● Material provided
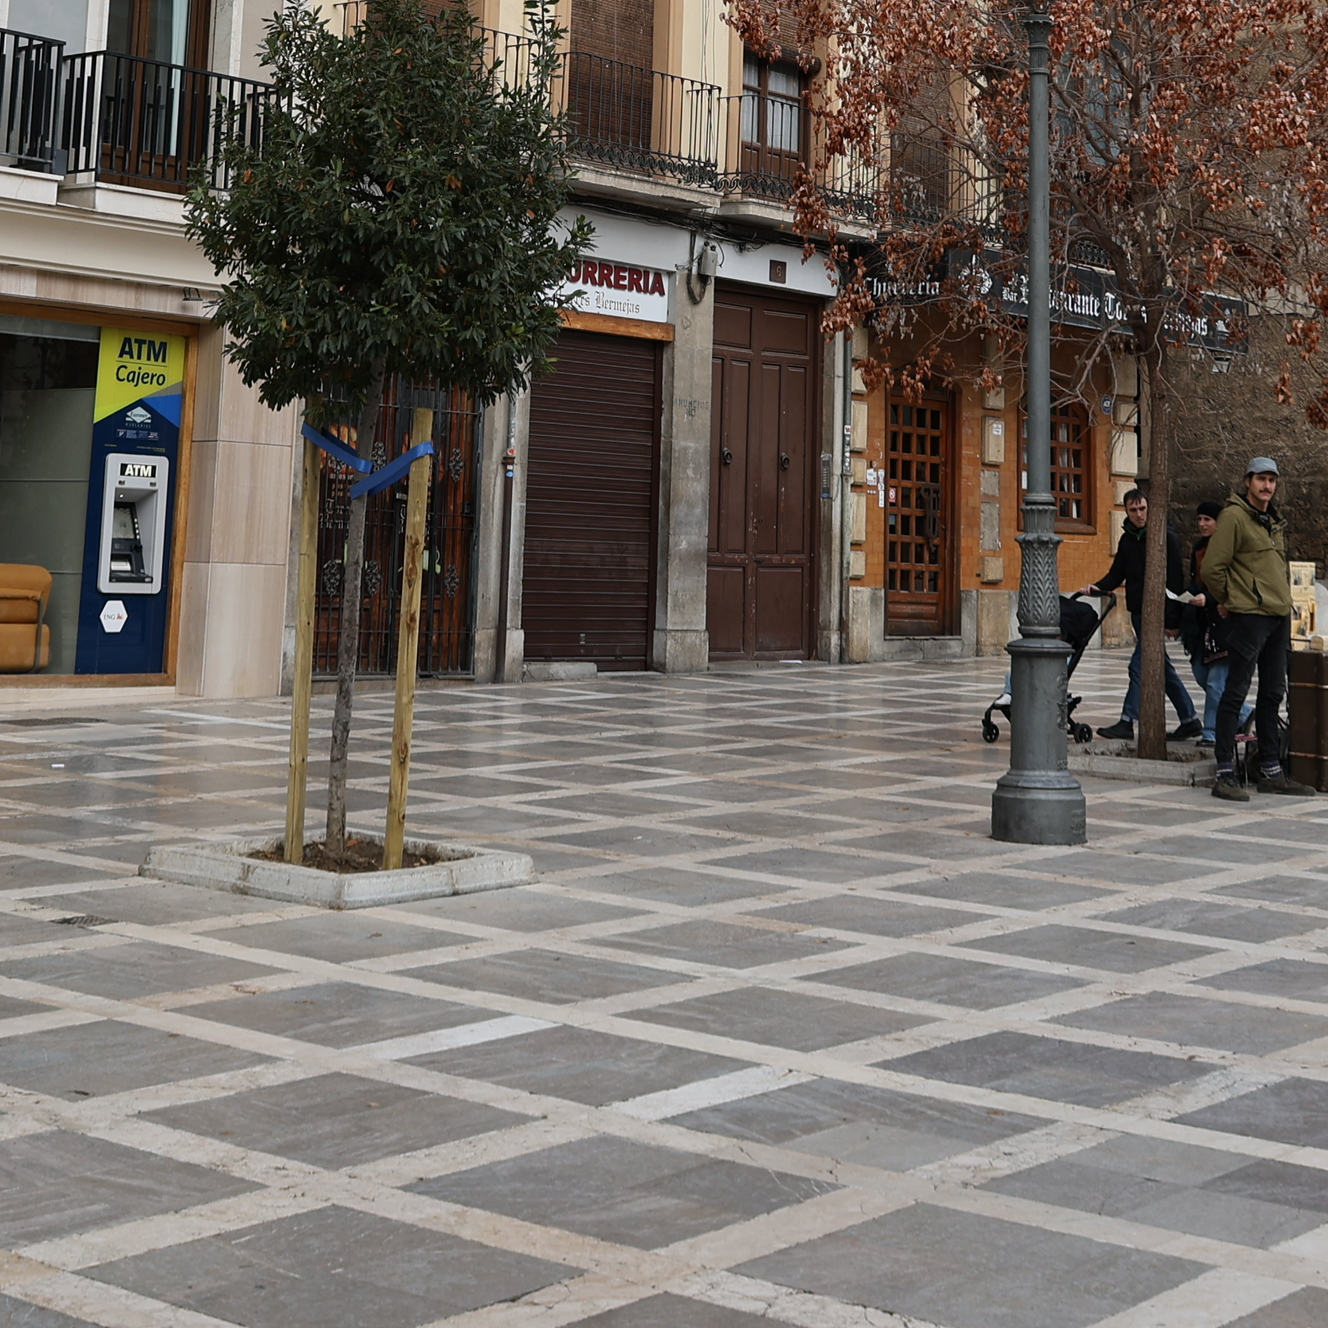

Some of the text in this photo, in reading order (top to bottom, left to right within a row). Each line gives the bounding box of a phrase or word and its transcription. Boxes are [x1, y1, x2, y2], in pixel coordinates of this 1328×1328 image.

[567, 259, 666, 297] URRERIA
[595, 292, 640, 314] Bermejas
[118, 336, 168, 363] ATM
[115, 364, 166, 388] Cajero
[124, 464, 152, 477] ATM

● Task brief
Keep the pictures out, and write out the rest of the data above word for word.

● Response to the task
Some of the text in this photo, in reading order (top to bottom, left to right within a row). Each line gives the bounding box of a phrase or word and its transcription. Boxes are [x1, y1, x2, y2], in pixel coordinates of this 1328×1328 image.

[567, 259, 666, 297] URRERIA
[595, 292, 640, 314] Bermejas
[118, 336, 168, 363] ATM
[115, 364, 166, 388] Cajero
[124, 464, 152, 477] ATM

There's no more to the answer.